Make an exact copy of the entries below.

Stored data entries
_ _ _
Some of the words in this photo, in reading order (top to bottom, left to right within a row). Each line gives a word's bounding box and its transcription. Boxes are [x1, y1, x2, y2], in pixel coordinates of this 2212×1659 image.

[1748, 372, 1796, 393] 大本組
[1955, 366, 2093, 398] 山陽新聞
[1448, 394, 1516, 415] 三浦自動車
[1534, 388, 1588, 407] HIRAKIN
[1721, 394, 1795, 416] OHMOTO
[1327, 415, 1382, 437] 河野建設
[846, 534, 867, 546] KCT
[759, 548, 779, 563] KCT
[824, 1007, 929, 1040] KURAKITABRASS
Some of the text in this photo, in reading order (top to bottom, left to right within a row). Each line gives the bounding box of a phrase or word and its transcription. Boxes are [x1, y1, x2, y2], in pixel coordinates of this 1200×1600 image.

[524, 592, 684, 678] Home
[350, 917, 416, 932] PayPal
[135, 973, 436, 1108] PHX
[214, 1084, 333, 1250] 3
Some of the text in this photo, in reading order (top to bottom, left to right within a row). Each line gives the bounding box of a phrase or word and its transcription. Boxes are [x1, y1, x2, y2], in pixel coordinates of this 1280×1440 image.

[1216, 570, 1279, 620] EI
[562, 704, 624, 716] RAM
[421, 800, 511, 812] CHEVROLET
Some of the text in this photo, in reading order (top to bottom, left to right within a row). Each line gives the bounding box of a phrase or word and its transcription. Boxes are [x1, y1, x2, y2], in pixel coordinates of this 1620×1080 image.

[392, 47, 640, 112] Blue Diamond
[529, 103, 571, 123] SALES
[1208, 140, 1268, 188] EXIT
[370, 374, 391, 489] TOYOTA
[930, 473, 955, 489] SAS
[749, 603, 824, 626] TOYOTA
_ _ _
Result of this task
Some of the words in this photo, in reading order (top to bottom, left to right within a row). Each line gives a word's bounding box and its transcription. Boxes are [x1, y1, x2, y2], in pixel coordinates of this 2212×1659 image.

[1748, 372, 1796, 393] 大本組
[1955, 366, 2093, 398] 山陽新聞
[1448, 394, 1516, 415] 三浦自動車
[1534, 388, 1588, 407] HIRAKIN
[1721, 394, 1795, 416] OHMOTO
[1327, 415, 1382, 437] 河野建設
[846, 534, 867, 546] KCT
[759, 548, 779, 563] KCT
[824, 1007, 929, 1040] KURAKITABRASS
Some of the text in this photo, in reading order (top to bottom, left to right within a row). Each line gives the bounding box of a phrase or word and its transcription. Boxes are [x1, y1, x2, y2], in pixel coordinates of this 1200×1600 image.

[524, 592, 684, 678] Home
[350, 917, 416, 932] PayPal
[135, 973, 436, 1108] PHX
[214, 1084, 333, 1250] 3
Some of the text in this photo, in reading order (top to bottom, left to right within a row). Each line gives the bounding box of a phrase or word and its transcription. Boxes are [x1, y1, x2, y2], in pixel coordinates of this 1280×1440 image.

[1216, 570, 1279, 620] EI
[562, 704, 624, 716] RAM
[421, 800, 511, 812] CHEVROLET
Some of the text in this photo, in reading order (top to bottom, left to right within a row). Each line gives the bounding box of a phrase or word and its transcription. Boxes are [x1, y1, x2, y2], in pixel coordinates of this 1620×1080 image.

[392, 47, 640, 112] Blue Diamond
[529, 103, 571, 123] SALES
[1208, 140, 1268, 188] EXIT
[370, 374, 391, 489] TOYOTA
[930, 473, 955, 489] SAS
[749, 603, 824, 626] TOYOTA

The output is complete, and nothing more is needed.